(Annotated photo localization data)
BEGIN
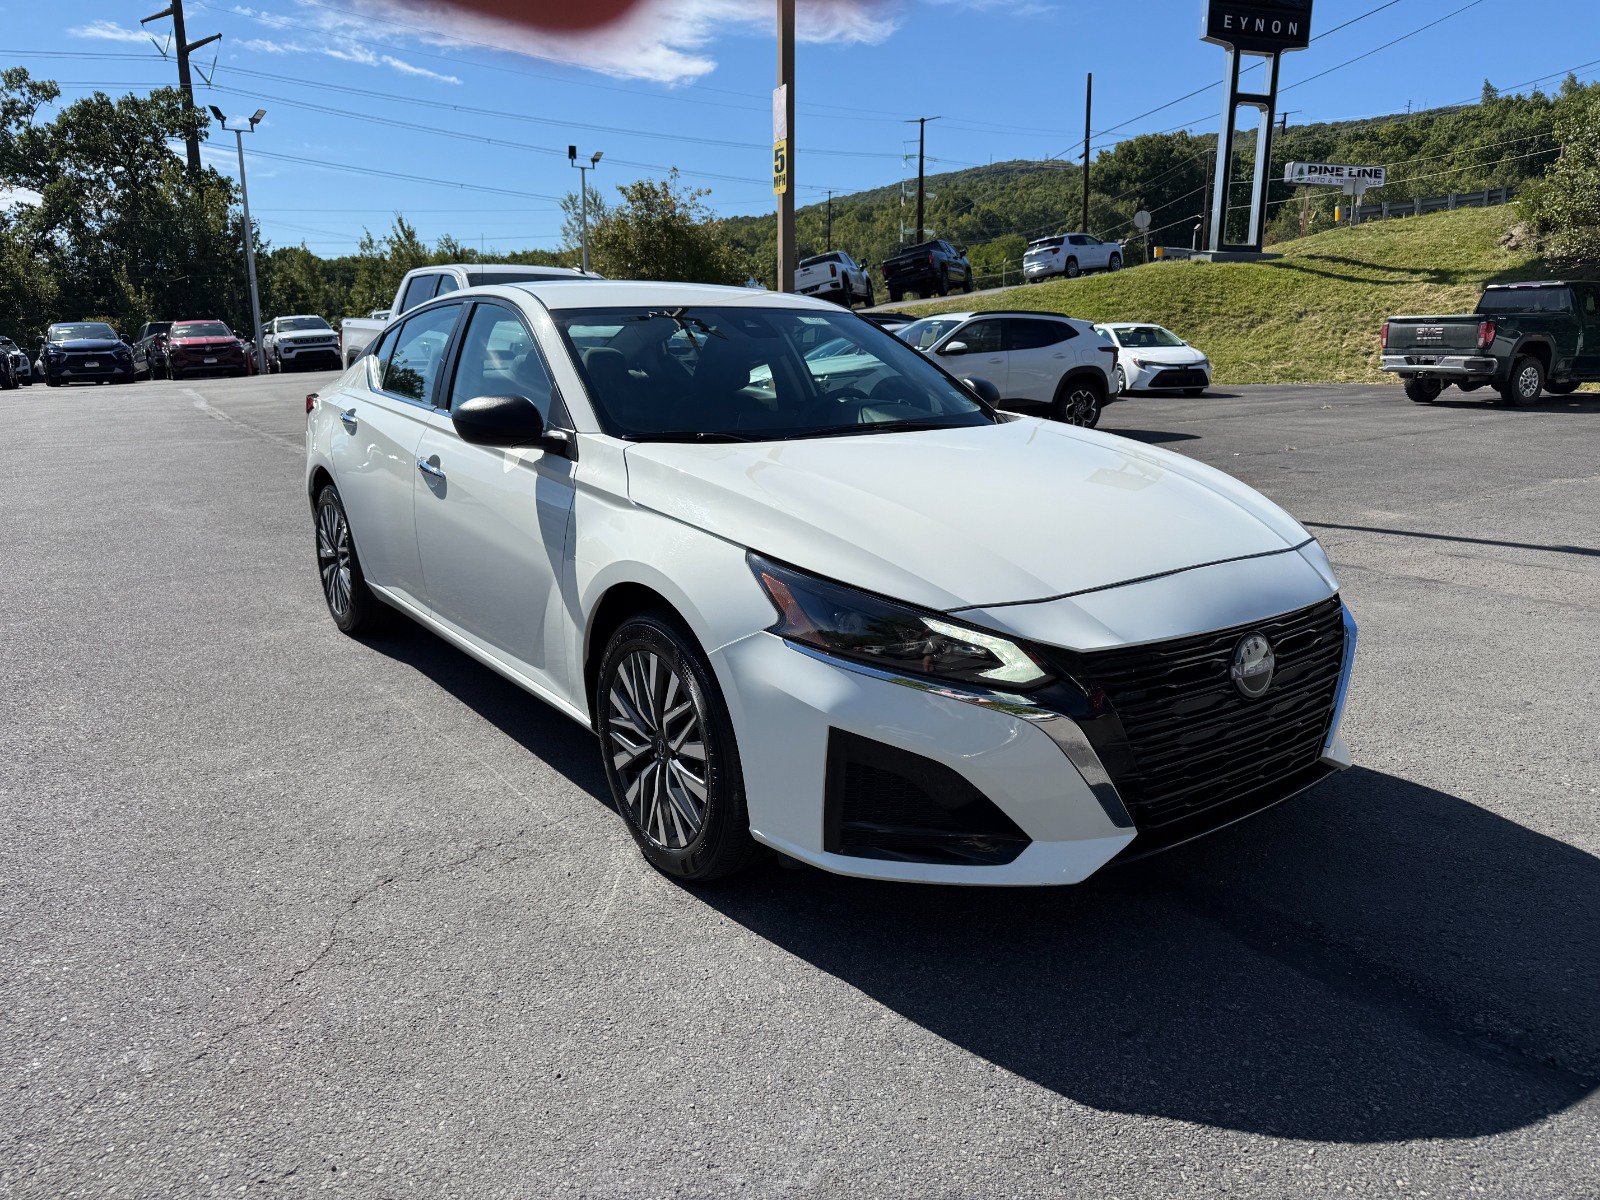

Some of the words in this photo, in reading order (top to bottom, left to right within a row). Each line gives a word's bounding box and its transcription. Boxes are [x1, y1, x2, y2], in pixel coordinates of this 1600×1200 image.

[1223, 14, 1298, 36] EYNON
[774, 147, 785, 173] 5
[773, 173, 786, 188] MPH
[1307, 165, 1344, 177] PINE
[1348, 167, 1383, 179] LINE
[1232, 657, 1273, 677] NISSAN
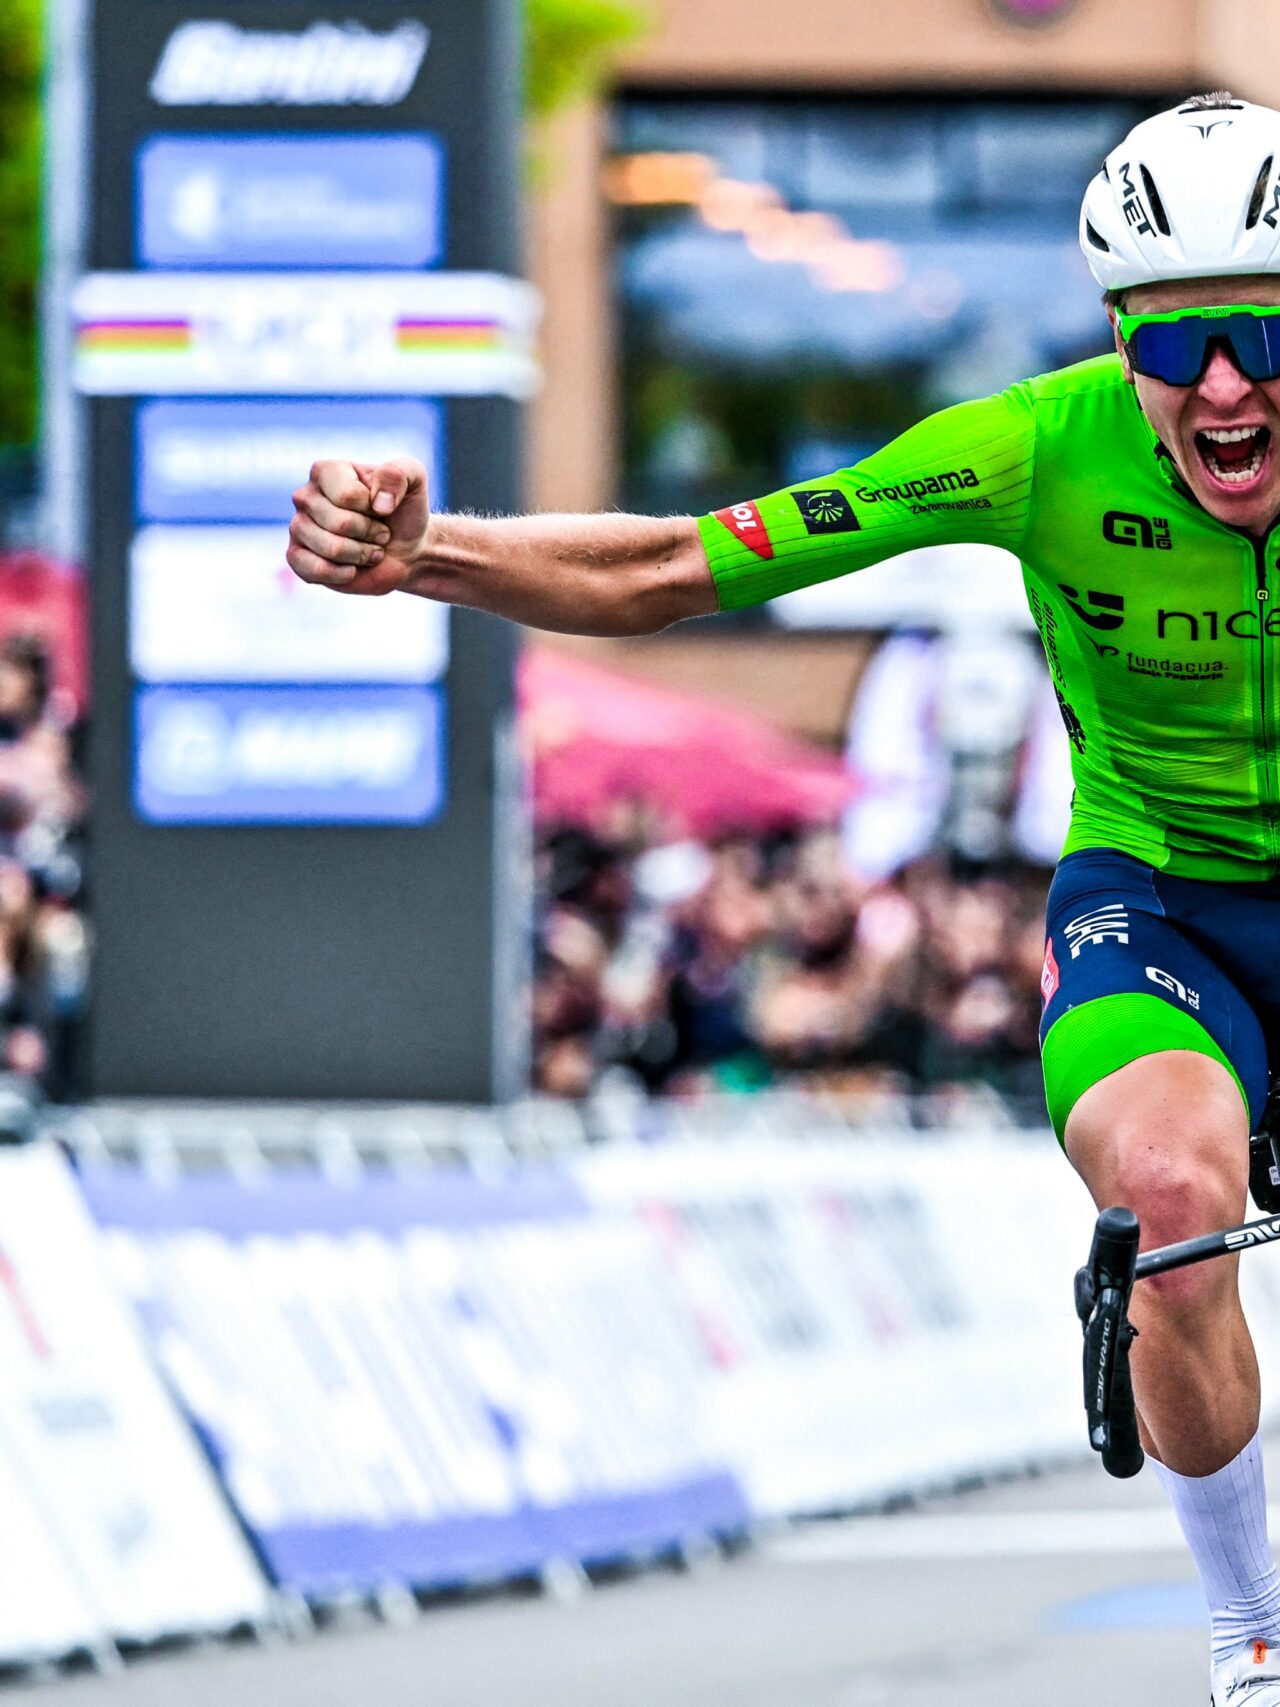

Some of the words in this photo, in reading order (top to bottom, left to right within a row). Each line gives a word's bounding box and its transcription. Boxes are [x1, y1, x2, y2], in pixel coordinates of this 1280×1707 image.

[1118, 162, 1157, 238] MET
[855, 468, 980, 503] Groupama
[1126, 652, 1223, 673] fundacija
[1064, 904, 1129, 960] UAE
[1096, 1318, 1111, 1412] DURA-ACE
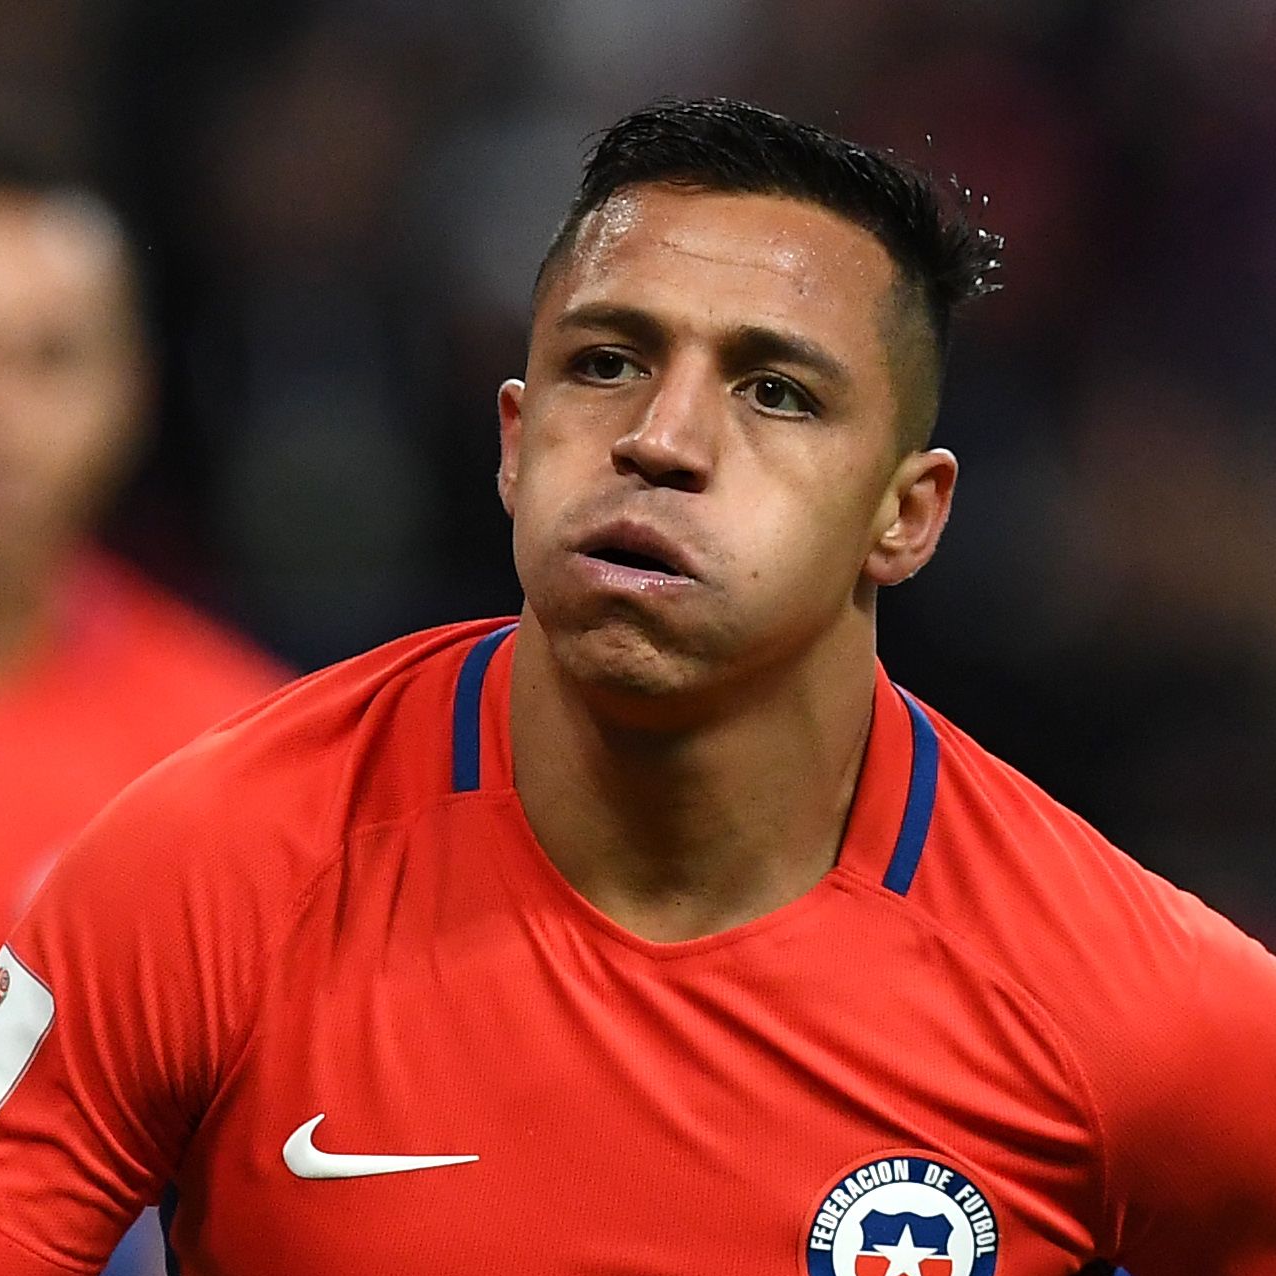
END
**TASK STATEMENT**
The copy you produce must repeat all the entries exactly and contain no pictures.

**ANSWER SPACE**
Some of the words in this photo, in reading order (top to bottom, left to right within a row). Each line gives a word's bounding box and its transcription. Boxes are [x1, y1, x2, y2], in pixel coordinates of this 1600×1200 image.

[1223, 14, 1298, 36] EYNON
[774, 147, 785, 173] 5
[773, 173, 786, 188] MPH
[1307, 165, 1344, 177] PINE
[1348, 167, 1383, 179] LINE
[1232, 657, 1273, 677] NISSAN

Some of the words in this photo, in reading order (top to bottom, left to right within a row). Each line gives a word's bounding box and its transcription. Boxes are [x1, y1, x2, y2], in pixel coordinates of this 1280×1707 image.

[1118, 162, 1157, 238] MET
[855, 468, 980, 503] Groupama
[1126, 652, 1223, 673] fundacija
[1064, 904, 1129, 960] UAE
[1096, 1318, 1111, 1412] DURA-ACE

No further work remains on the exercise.